Ariel's Story - A tale of a Utah Corolla by ariel_86

By diyauto
( 3 )

43 minute(s) of a 178 minute read

1-14-2013

1-14-2013


July 2007 – The build begins

In the spring of 2007, Target Financial Services decided to up my credit limit and give me a proper credit card instead of their crummy store-only credit card. I now had a fresh Visa card and a $4000 limit. I was finishing up my first year as Physics major, finally having some direction in my life, and had just bought a 2000 Toyota Camry. I was paying the bills working campus jobs as a math tutor and lab aide, and being paid to go to school by the VA because my dad is disabled (prostate cancer from Agent Orange exposure = dependent benefits for going to school even though I was 25). In one my wiser (read stupider) moments, I decided that I could rebuild the Corolla and get her racing with a $4000 budget and could handle a credit card along with my car payment for the Camry. Ariel (as I had named her before putting out to the pasture) was brought back home.
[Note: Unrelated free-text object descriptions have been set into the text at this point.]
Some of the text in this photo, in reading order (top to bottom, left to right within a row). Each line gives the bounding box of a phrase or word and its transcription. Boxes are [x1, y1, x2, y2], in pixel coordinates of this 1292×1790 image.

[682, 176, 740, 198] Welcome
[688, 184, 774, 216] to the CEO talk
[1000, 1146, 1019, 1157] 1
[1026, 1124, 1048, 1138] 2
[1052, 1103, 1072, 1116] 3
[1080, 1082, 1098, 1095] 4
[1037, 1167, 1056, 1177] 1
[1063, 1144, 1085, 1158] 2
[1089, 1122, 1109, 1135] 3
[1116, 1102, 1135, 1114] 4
While she was parked, I met an AF guy through a friend that also had an 86, and had a wrecked 1985 coupe that his MSgt was hassling him about getting off base. I was able to pull the front seats and a few other odds & ends from it before we junked it (I should have pulled more from it, now that I think back about it). Home from the pasture, I cleaned the dirt and cobwebs off of her, pulled the engine to get it rebuilt, and sourced a new seat, harness, steering wheel, gauges, and a few other things. 







I rebuilt the engine back to stock, but added a TRD .8mm head gasket, HKS valve springs and cam gears (stayed with stock cams because I couldn’t justify spending for those along with everything else I was getting), ARP head studs, and bought a TRD header and short shift kit for her as well. I put an Exedy OEM replacement clutch in and resurfaced the flywheel when I assembled it all.
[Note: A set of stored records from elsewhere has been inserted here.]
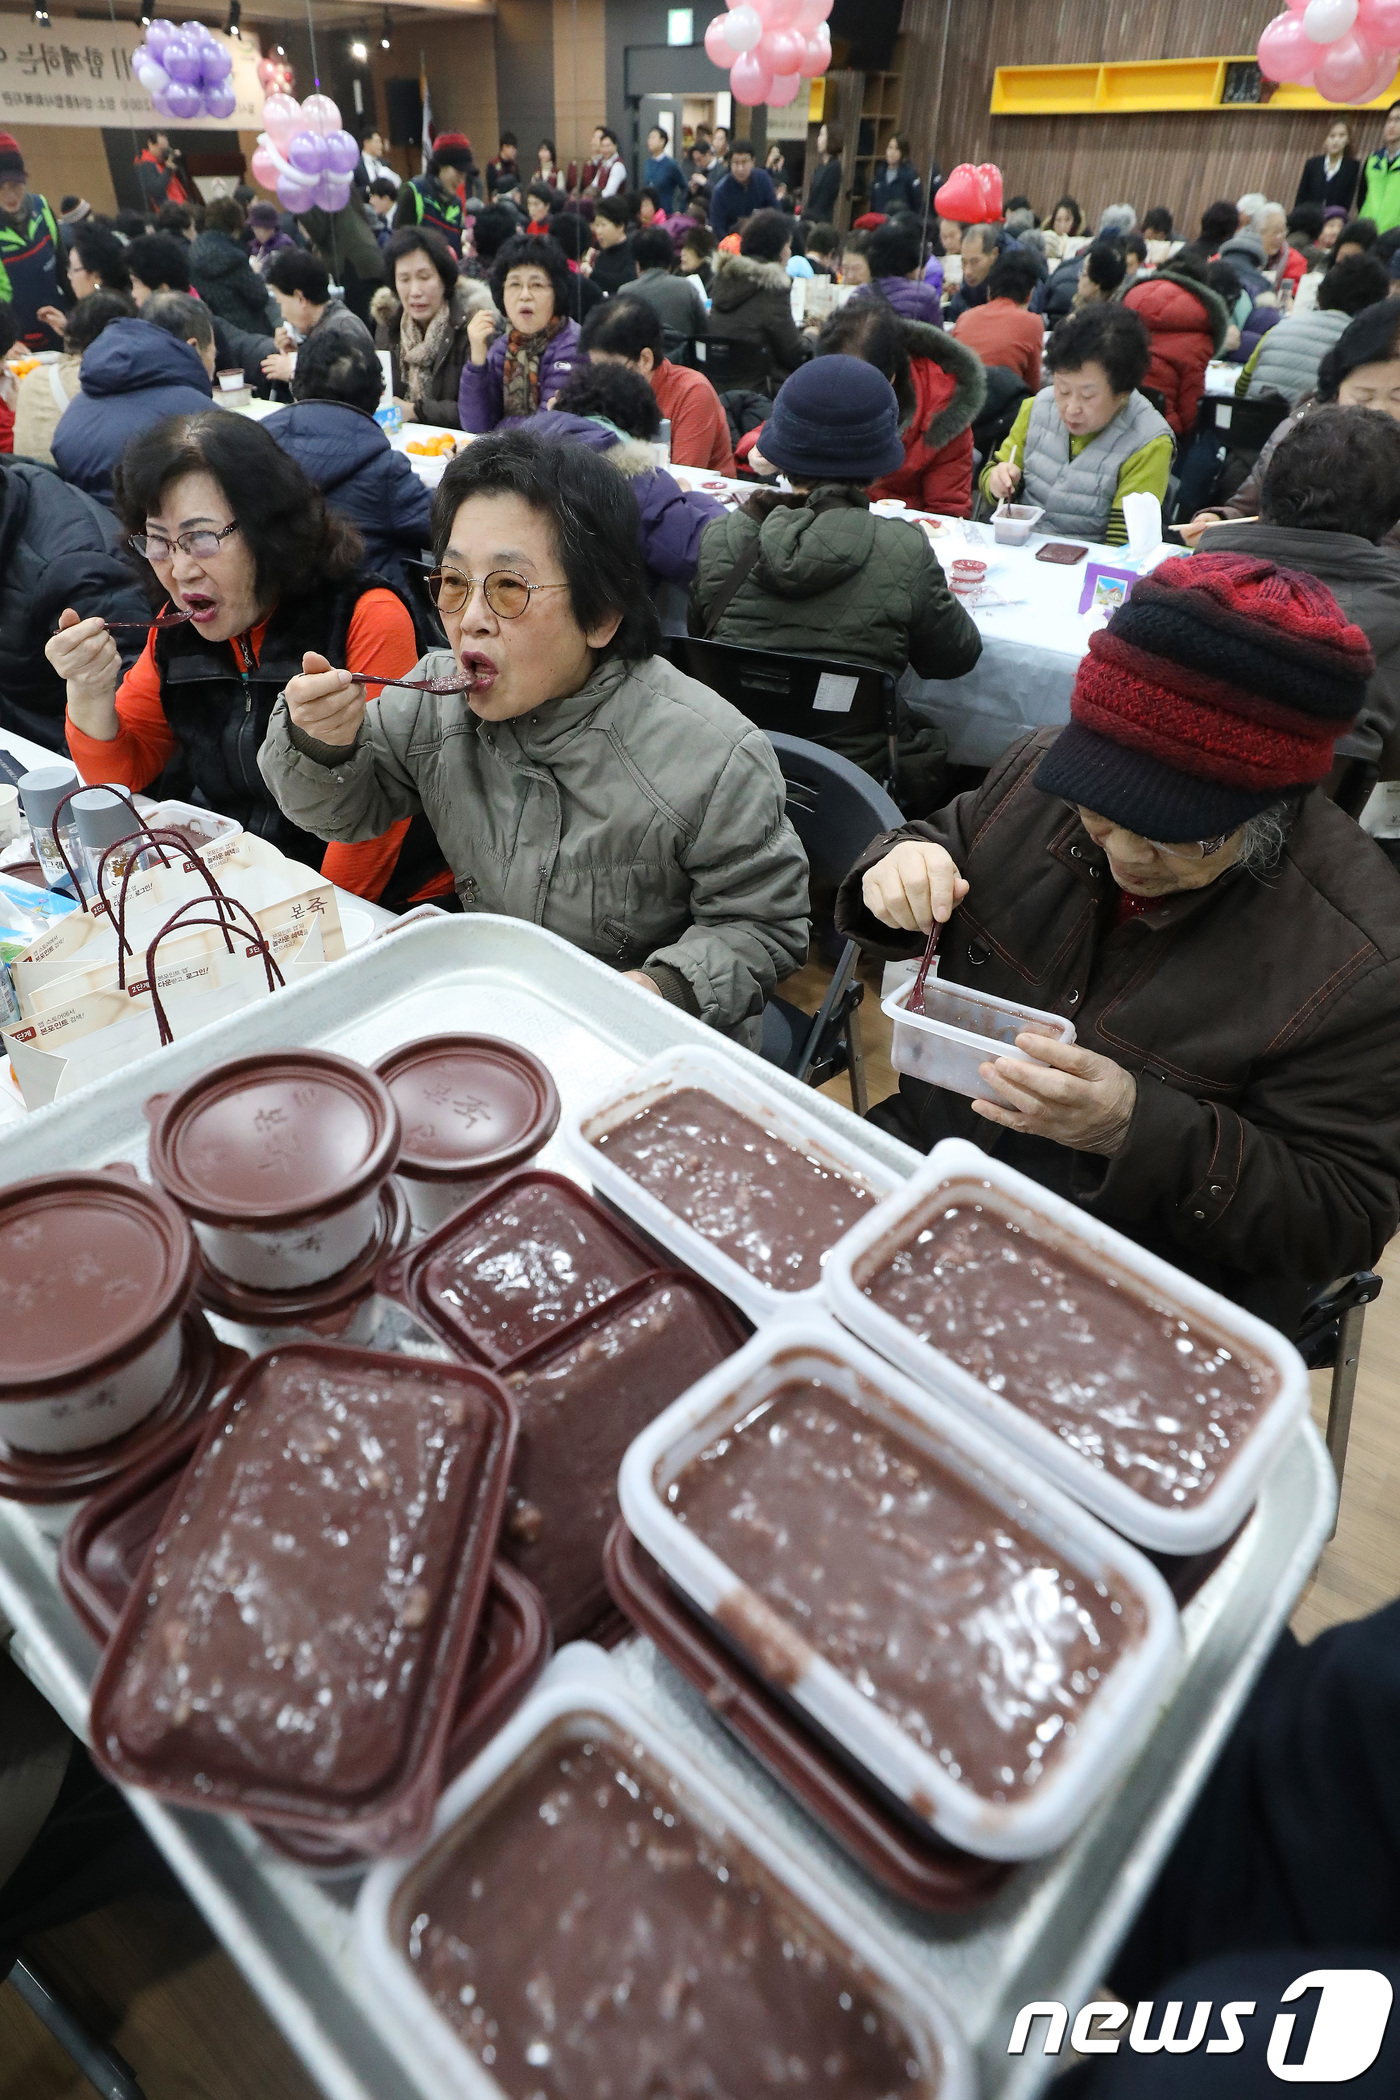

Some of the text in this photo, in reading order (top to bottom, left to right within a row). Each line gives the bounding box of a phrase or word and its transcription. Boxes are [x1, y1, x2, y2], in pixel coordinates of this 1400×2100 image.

[135, 883, 153, 896] 로그인!
[291, 896, 328, 919] 본죽
[35, 945, 54, 962] 본포인트
[186, 967, 209, 980] 로그인!
[131, 982, 150, 993] 2단계
[46, 1009, 75, 1024] 스토어에서
[40, 1019, 69, 1035] 본포인트
[11, 1030, 32, 1041] 단계
From Rally Sport Direct, a local Subaru/Evo performance shop, I bought a Corbeau Forza II seat and 5-point harness. I found a harness bar on eBay that would fit my Corolla, as well as a TRD steering wheel and boss. I got a NRG quick-release, too.










I also picked up some AutoMeter Sport-Comp gauges so I could keep an eye on the vitals.





September 2007 – Putting it together

In September, after getting everything together on the engine after picking it up from the machine shop, I had a problem with the distributor and exhaust cam. Without the distributor in the head, I could freely rotate the engine assembly. With the distributor in, I couldn’t. In fact, it binned so much that I stripped the teeth off the exhaust cam and bent the teeth on the distributor. Oops.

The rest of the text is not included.